This section addresses two topics. The first topic includes maternal interventions to treat suspected chorioamnionitis and protect the fetus from infection. The second topic includes the diagnostic approach and the appropriate treatment of neonates born to mothers with suspected chorioamnionitis.

The observation that epidural anesthesia during labor may create findings suggestive of maternal chorioamnionitis is discussed. A maternal fever that occurs when epidural anesthesia is administered during the intrapartum period has often been interpreted as chorioamnionitis. This may not be the case, and the neonate is often needlessly treated after birth.

Using ampicillin as the chemoprophylactic agent to prevent group B streptococcal (GBS) disease in the neonate is associated with other issues and should be discouraged. Ampicillin-resistant E coli infections in the mother and her infant are reported as an increasing problem, possibly due to this prophylactic practice. [210, 211]  However, the use of penicillin rather than ampicillin to prevent GBS infections of the newborn is encouraged and should be the standard of care. [212] When the mother is allergic to penicillin, she is given clindamycin if her GBS isolate is documented to be susceptible to clindamycin. Approximately 30% of GBS isolates in the United States were clindamycin resistant in 2010, and the proportion varies by country. If, however, clindamycin susceptibility testing has not been performed, vancomycin should be administered instead. [170]
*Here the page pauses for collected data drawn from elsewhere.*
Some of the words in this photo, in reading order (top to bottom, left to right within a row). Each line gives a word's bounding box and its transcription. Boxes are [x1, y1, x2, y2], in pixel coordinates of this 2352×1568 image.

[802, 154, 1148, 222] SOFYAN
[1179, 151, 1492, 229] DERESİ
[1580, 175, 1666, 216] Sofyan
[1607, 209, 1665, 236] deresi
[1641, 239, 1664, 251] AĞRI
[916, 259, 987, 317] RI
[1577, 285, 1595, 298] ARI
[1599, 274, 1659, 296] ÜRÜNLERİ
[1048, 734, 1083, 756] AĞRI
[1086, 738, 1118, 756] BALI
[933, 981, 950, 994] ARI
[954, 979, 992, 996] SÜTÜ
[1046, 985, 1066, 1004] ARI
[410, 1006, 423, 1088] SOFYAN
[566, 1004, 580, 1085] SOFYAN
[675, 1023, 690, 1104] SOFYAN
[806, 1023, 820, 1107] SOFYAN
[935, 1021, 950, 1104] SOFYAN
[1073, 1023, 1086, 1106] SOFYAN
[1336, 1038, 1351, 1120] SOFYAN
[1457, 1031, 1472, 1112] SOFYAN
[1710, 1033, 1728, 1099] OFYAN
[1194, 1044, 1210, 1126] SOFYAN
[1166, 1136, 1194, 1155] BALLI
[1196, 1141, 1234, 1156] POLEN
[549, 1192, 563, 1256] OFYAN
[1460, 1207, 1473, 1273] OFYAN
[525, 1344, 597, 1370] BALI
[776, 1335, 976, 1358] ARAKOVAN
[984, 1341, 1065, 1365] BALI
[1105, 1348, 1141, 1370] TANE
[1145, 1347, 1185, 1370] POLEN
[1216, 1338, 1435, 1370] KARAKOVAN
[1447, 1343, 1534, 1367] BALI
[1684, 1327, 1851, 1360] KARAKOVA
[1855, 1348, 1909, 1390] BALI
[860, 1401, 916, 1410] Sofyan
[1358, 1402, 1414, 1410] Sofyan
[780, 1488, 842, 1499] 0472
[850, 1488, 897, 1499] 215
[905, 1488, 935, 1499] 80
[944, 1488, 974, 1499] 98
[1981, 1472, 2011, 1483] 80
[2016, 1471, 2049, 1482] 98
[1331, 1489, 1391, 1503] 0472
Obstetric management influencing neonatal outcome

When acute chorioamnionitis is evident, delivery must be expedited. Upon signs of serious fetal distress, delivery must be emergent. Withholding maternal antibiotics to obtain postnatal cultures from the neonate is no longer appropriate. This strategy was once an accepted practice based on the assumption that waiting to obtain cultures from the newborn helps to determine the cause of infection. The morbidity and mortality in the mother and newborn may actually increase because of a delay in administering antibiotics.
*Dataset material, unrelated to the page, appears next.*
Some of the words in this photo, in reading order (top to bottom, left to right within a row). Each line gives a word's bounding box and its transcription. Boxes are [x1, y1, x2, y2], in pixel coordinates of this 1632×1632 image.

The neonatal care provider (neonatologist, pediatrician, or family medicine physician) must decide whether the fetus was infected and whether antibiotics given before birth should be continued in the neonate. Those antibiotics may differ from those administered to the mother. The history, physical findings, and results of certain laboratory studies can assist the physician in deciding whether to continue antibiotics started during the intrapartum period. Because antibiotic chemoprophylaxis reduces the risk of GBS infection in neonates, the obstetrician must always consider beginning penicillin during the intrapartum period when a mother has defined risk factors for GBS disease. [212, 213] The neonatal care provider must judge whether the chemoprophylaxis was sufficient to prevent infection (especially in a healthy, full-term neonate) or whether the infant must continue antibiotic therapy after birth. The US Centers for Disease Control and Prevention (CDC) issued guidelines that outline the strategies for screening and treatment to prevent neonatal disease caused by GBS, the most recent guidelines were published in 2010, [170]  with an update in 2012. [171]
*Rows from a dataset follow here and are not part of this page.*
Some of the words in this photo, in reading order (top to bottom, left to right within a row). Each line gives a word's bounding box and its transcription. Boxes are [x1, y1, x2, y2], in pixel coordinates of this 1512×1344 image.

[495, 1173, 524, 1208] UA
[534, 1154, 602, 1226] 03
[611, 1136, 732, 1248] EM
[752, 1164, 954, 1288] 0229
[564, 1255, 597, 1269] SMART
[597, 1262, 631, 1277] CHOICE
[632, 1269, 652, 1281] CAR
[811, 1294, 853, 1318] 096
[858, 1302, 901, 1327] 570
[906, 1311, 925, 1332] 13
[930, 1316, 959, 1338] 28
A retrospective study evaluating daily gentamicin for the treatment of intrapartum chorioamnionitis in 500 women found that daily gentamicin dosing using ideal body weight compared with traditional 8-hour dosing regimens was associated with a 64% lower risk of postpartum endometritis and a 5% higher chance of successful outcome. [214] These results were adjusted for maternal factors such as race, parity, advanced maternal age (>34 years), body mass index, diabetes mellitus, gestational hypertension (>140/90 mmHg), and GBS status.

Determining the appropriate procedures to prevent fetal infection in the setting of premature, prelabor, rupture of membranes is more complex. The mother who has preterm labor or premature rupture of membranes at less than 34 weeks' gestation and no clinical signs or symptoms of chorioamnionitis should receive corticosteroid therapy. [98]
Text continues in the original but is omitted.